(Saved data entries)
• • • • •

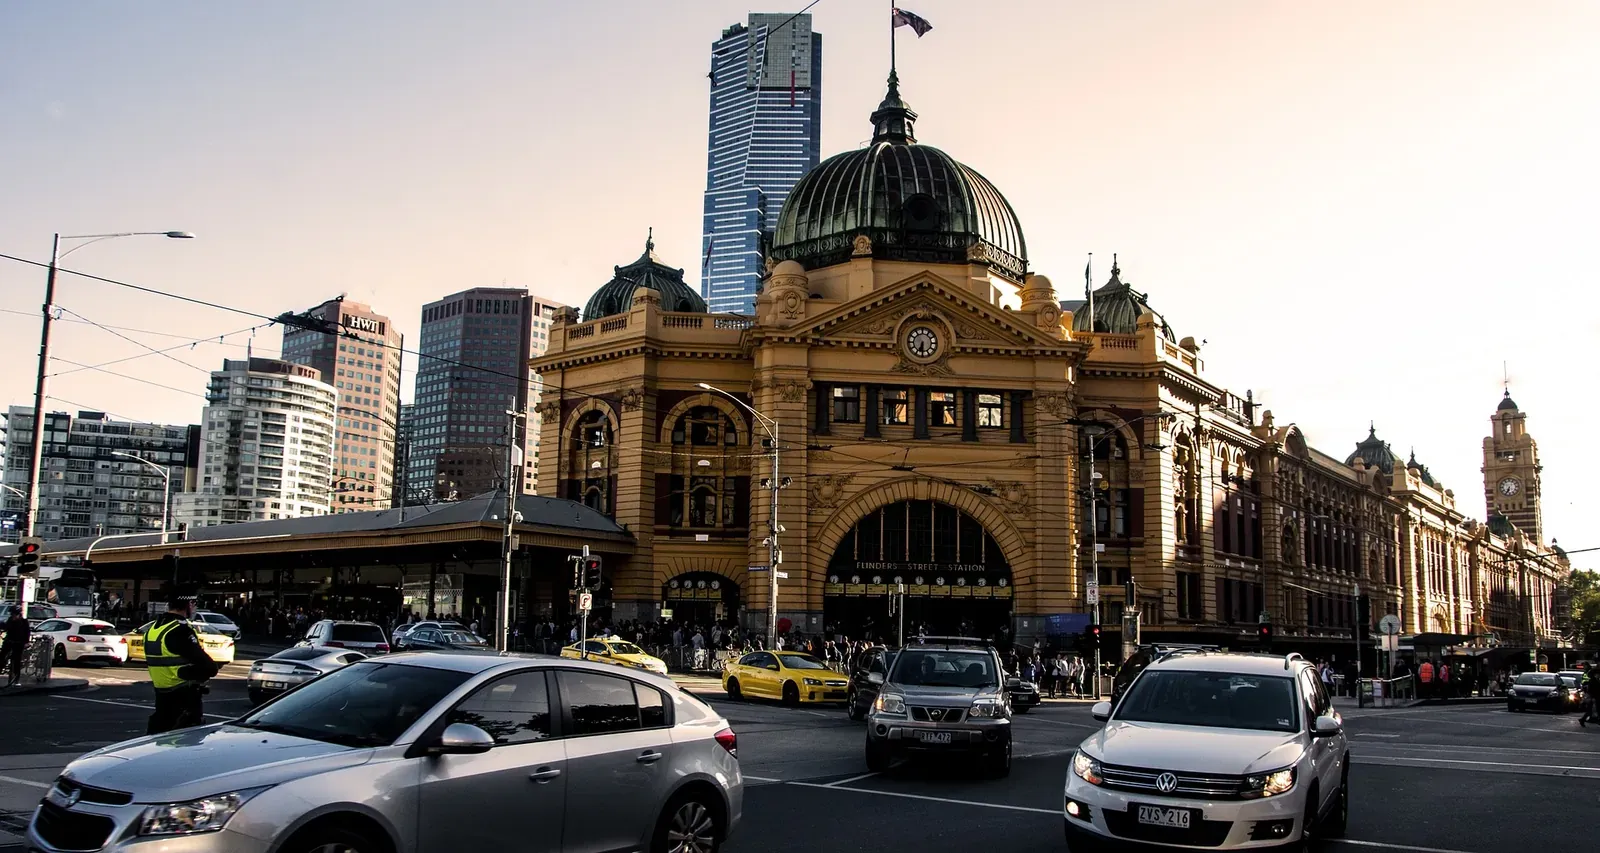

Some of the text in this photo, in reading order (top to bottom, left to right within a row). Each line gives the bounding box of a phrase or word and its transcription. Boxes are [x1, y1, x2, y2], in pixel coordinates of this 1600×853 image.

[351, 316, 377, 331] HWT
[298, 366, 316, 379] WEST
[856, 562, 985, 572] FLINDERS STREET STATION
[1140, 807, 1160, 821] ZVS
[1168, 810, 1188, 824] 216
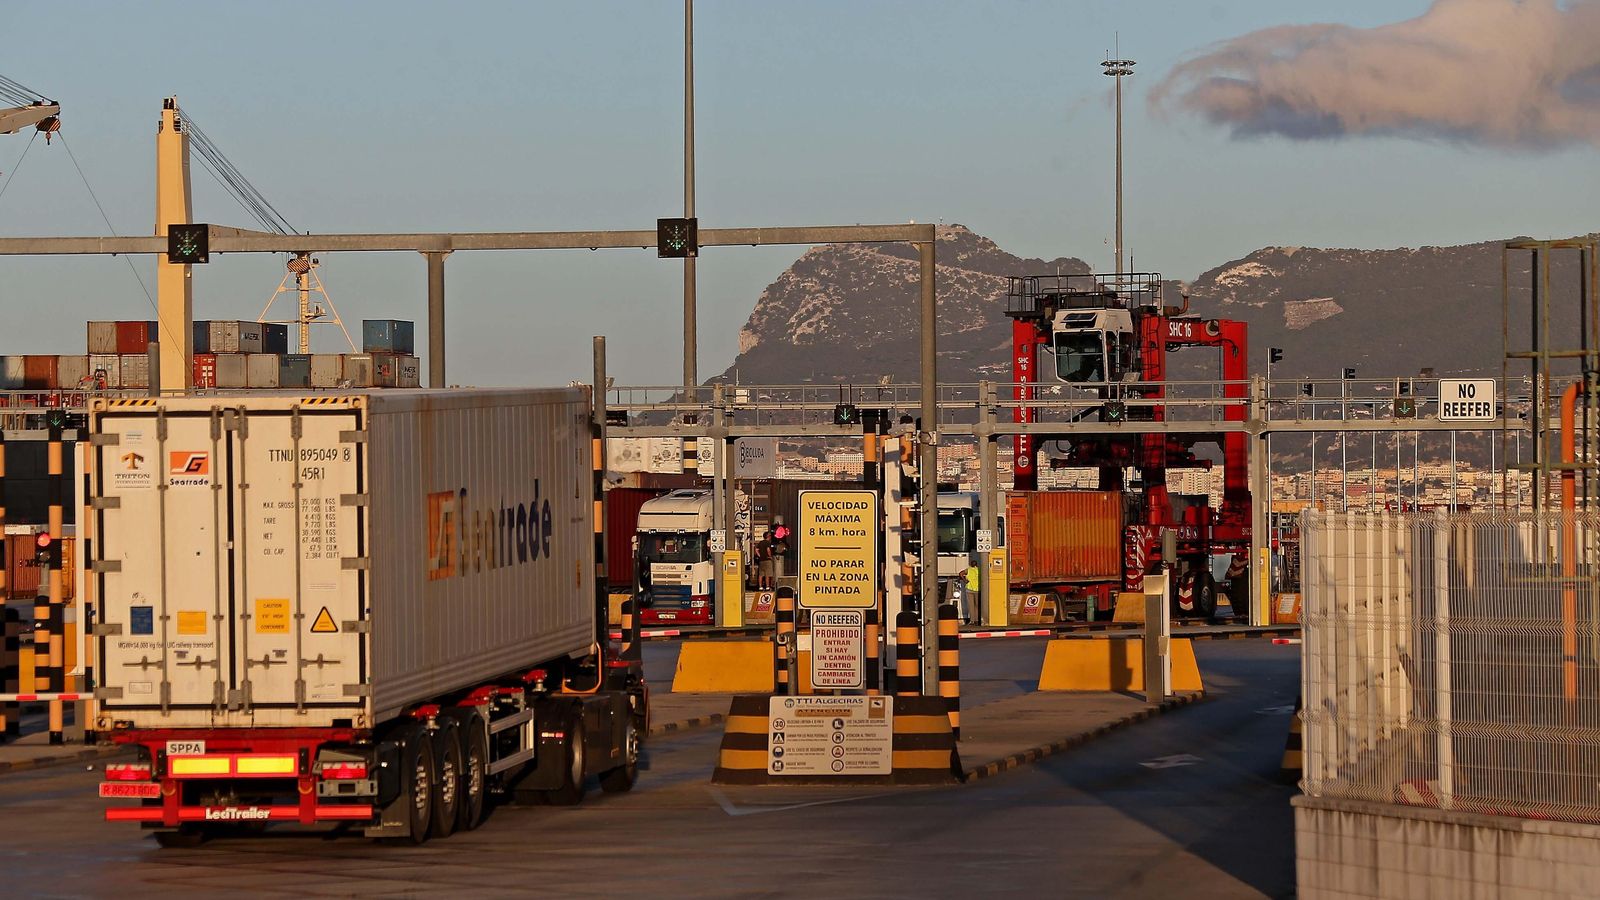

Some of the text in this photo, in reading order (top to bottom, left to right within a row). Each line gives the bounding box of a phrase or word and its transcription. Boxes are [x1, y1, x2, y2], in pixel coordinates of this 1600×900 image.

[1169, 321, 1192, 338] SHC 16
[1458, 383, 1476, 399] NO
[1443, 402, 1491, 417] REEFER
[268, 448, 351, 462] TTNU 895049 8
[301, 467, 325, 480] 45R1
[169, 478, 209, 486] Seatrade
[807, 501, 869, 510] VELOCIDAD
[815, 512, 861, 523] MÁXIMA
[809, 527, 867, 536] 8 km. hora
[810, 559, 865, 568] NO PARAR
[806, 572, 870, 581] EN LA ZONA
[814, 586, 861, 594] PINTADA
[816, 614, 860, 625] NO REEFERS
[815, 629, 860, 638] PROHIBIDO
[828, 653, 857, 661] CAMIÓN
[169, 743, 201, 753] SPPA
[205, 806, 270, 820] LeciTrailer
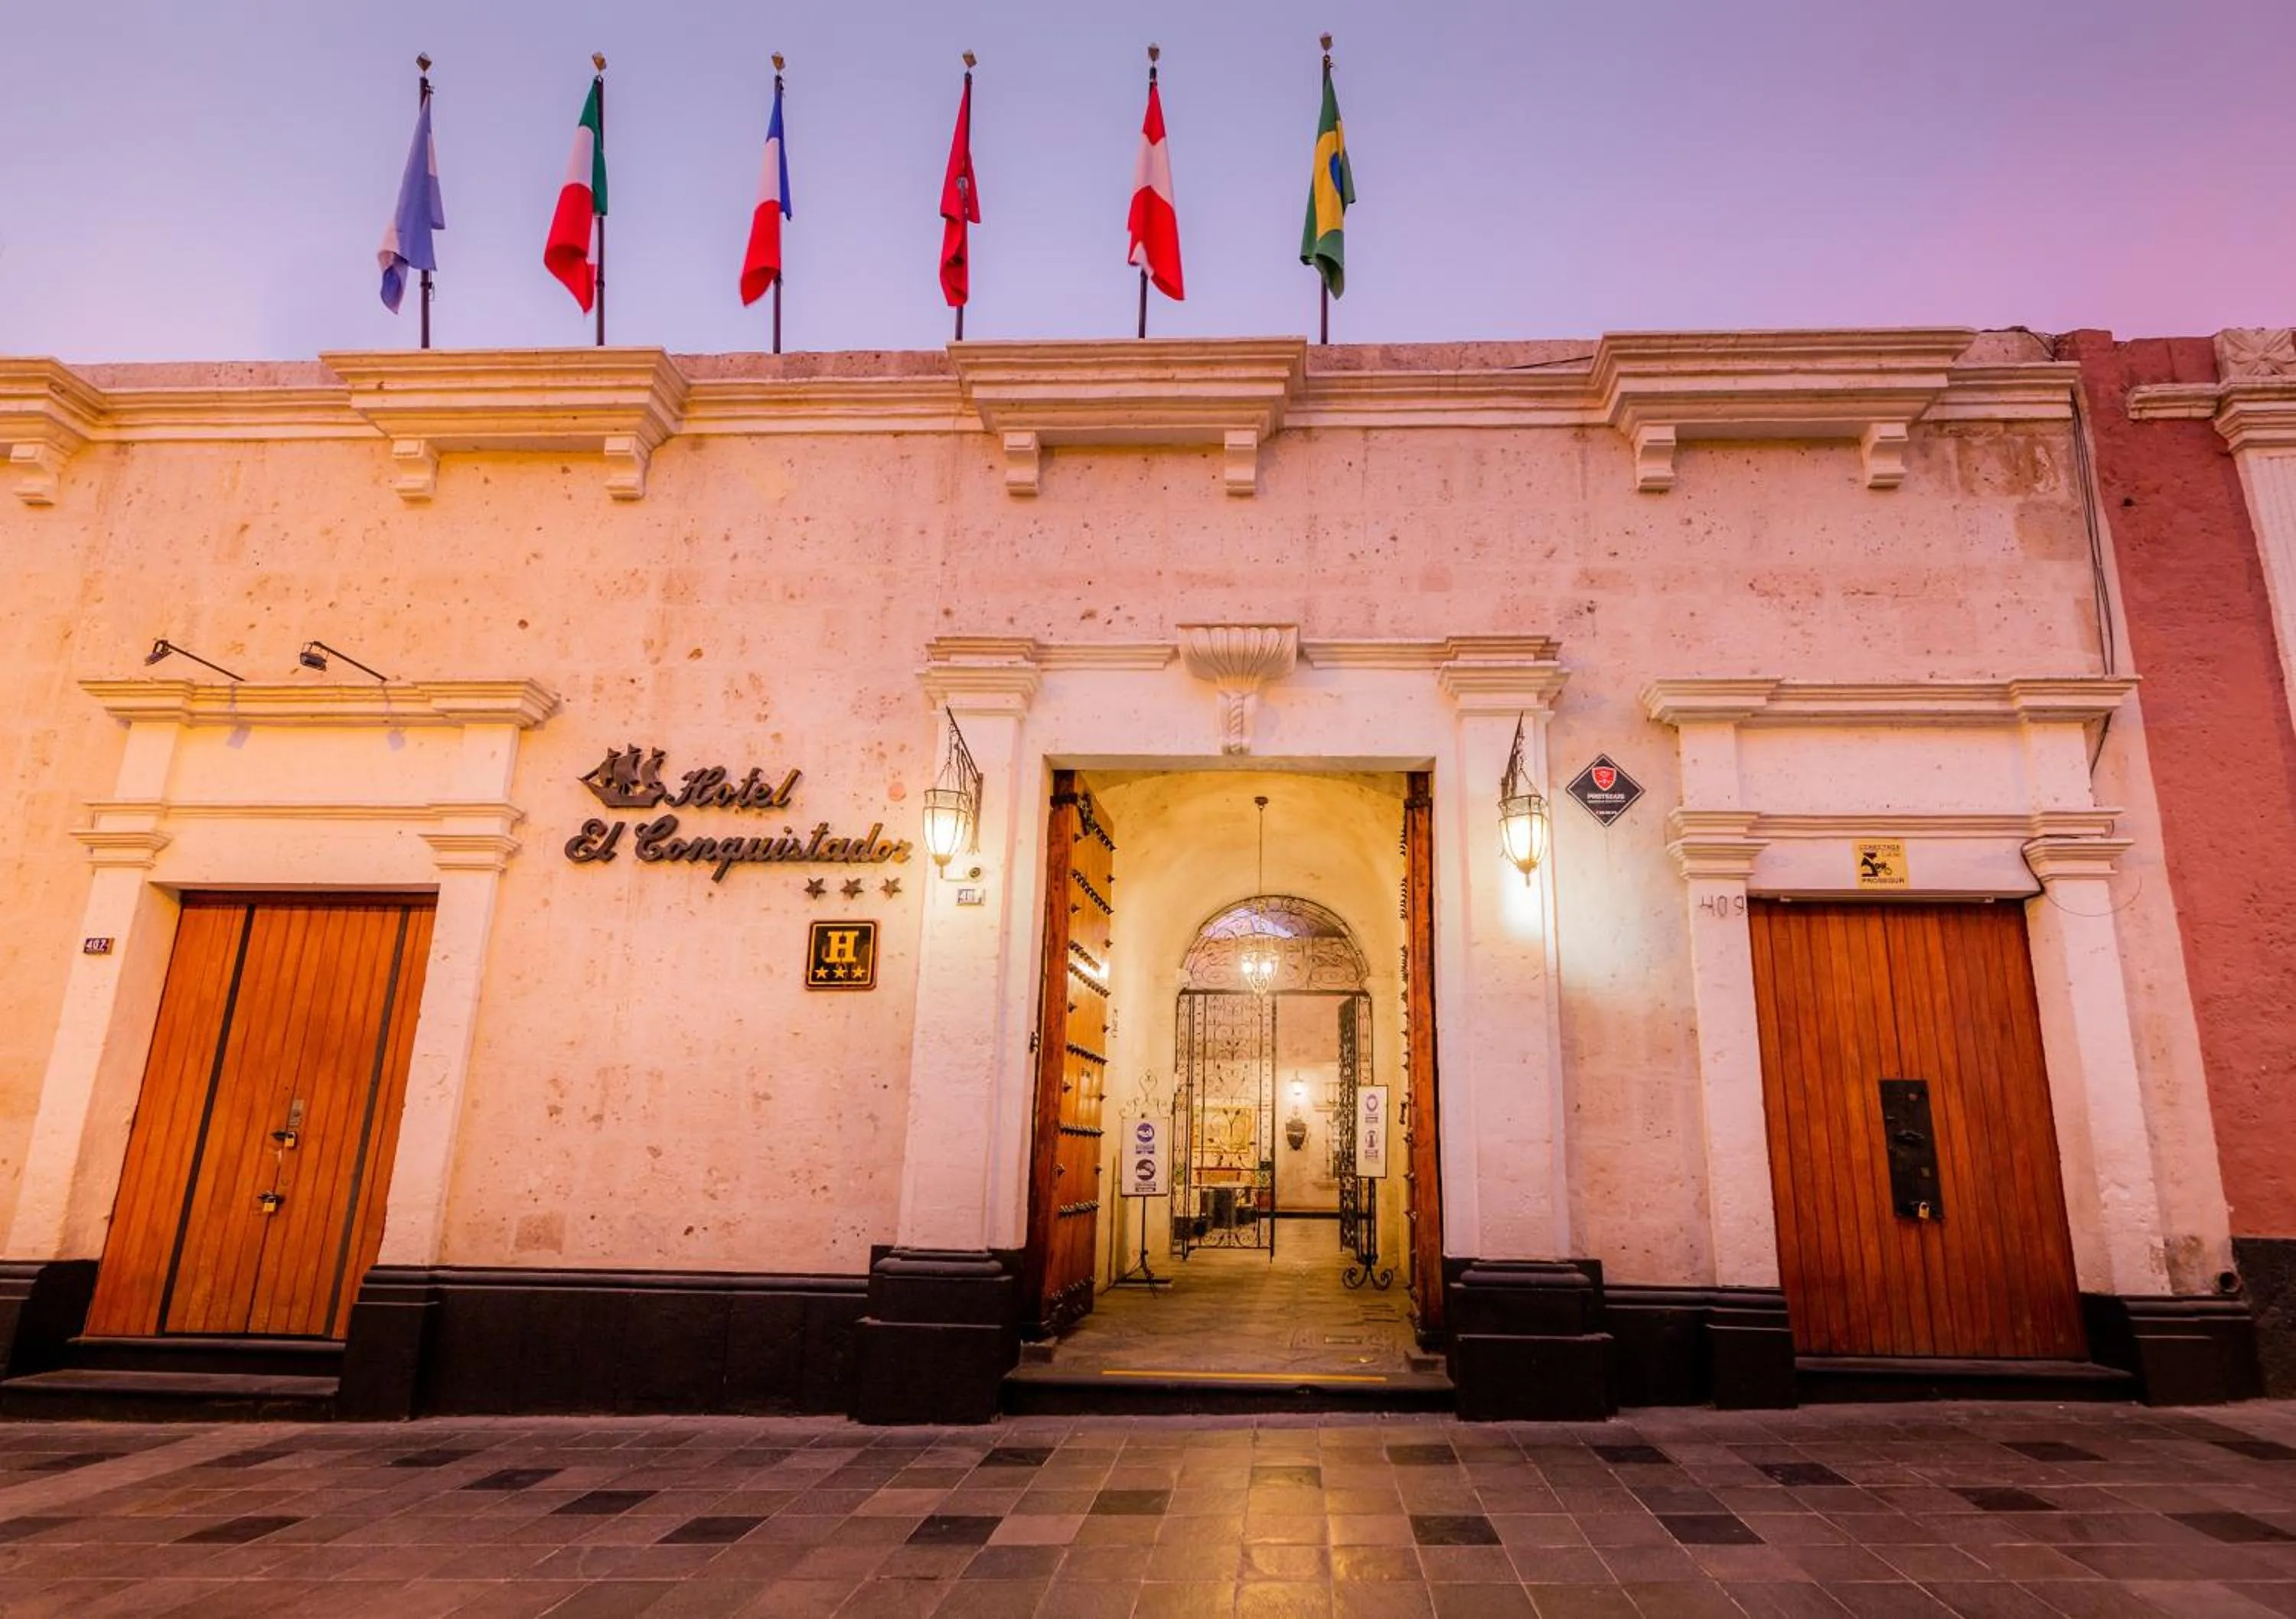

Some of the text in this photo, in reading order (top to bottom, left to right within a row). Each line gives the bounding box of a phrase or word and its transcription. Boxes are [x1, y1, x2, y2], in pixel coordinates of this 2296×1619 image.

• • • • •

TASK TO CARRY OUT:
Starting at the line containing "this 1600×900 image.", output every remaining line of the records above exactly, the last one included. Nothing else belongs in the output, and no pictures either.

ANSWER AREA:
Some of the text in this photo, in reading order (top to bottom, left to right within a row). Each line gives the bounding box of a phrase or word and its transcription. Boxes are [x1, y1, x2, y2], in pixel coordinates of this 1600×900 image.

[1169, 321, 1192, 338] SHC 16
[1458, 383, 1476, 399] NO
[1443, 402, 1491, 417] REEFER
[268, 448, 351, 462] TTNU 895049 8
[301, 467, 325, 480] 45R1
[169, 478, 209, 486] Seatrade
[807, 501, 869, 510] VELOCIDAD
[815, 512, 861, 523] MÁXIMA
[809, 527, 867, 536] 8 km. hora
[810, 559, 865, 568] NO PARAR
[806, 572, 870, 581] EN LA ZONA
[814, 586, 861, 594] PINTADA
[816, 614, 860, 625] NO REEFERS
[815, 629, 860, 638] PROHIBIDO
[828, 653, 857, 661] CAMIÓN
[169, 743, 201, 753] SPPA
[205, 806, 270, 820] LeciTrailer

Some of the text in this photo, in reading order (top to bottom, left to right within a row). Each line gives the bounding box of a phrase or word and its transcription. Boxes are [x1, y1, x2, y2], in pixel coordinates of this 2296×1619 image.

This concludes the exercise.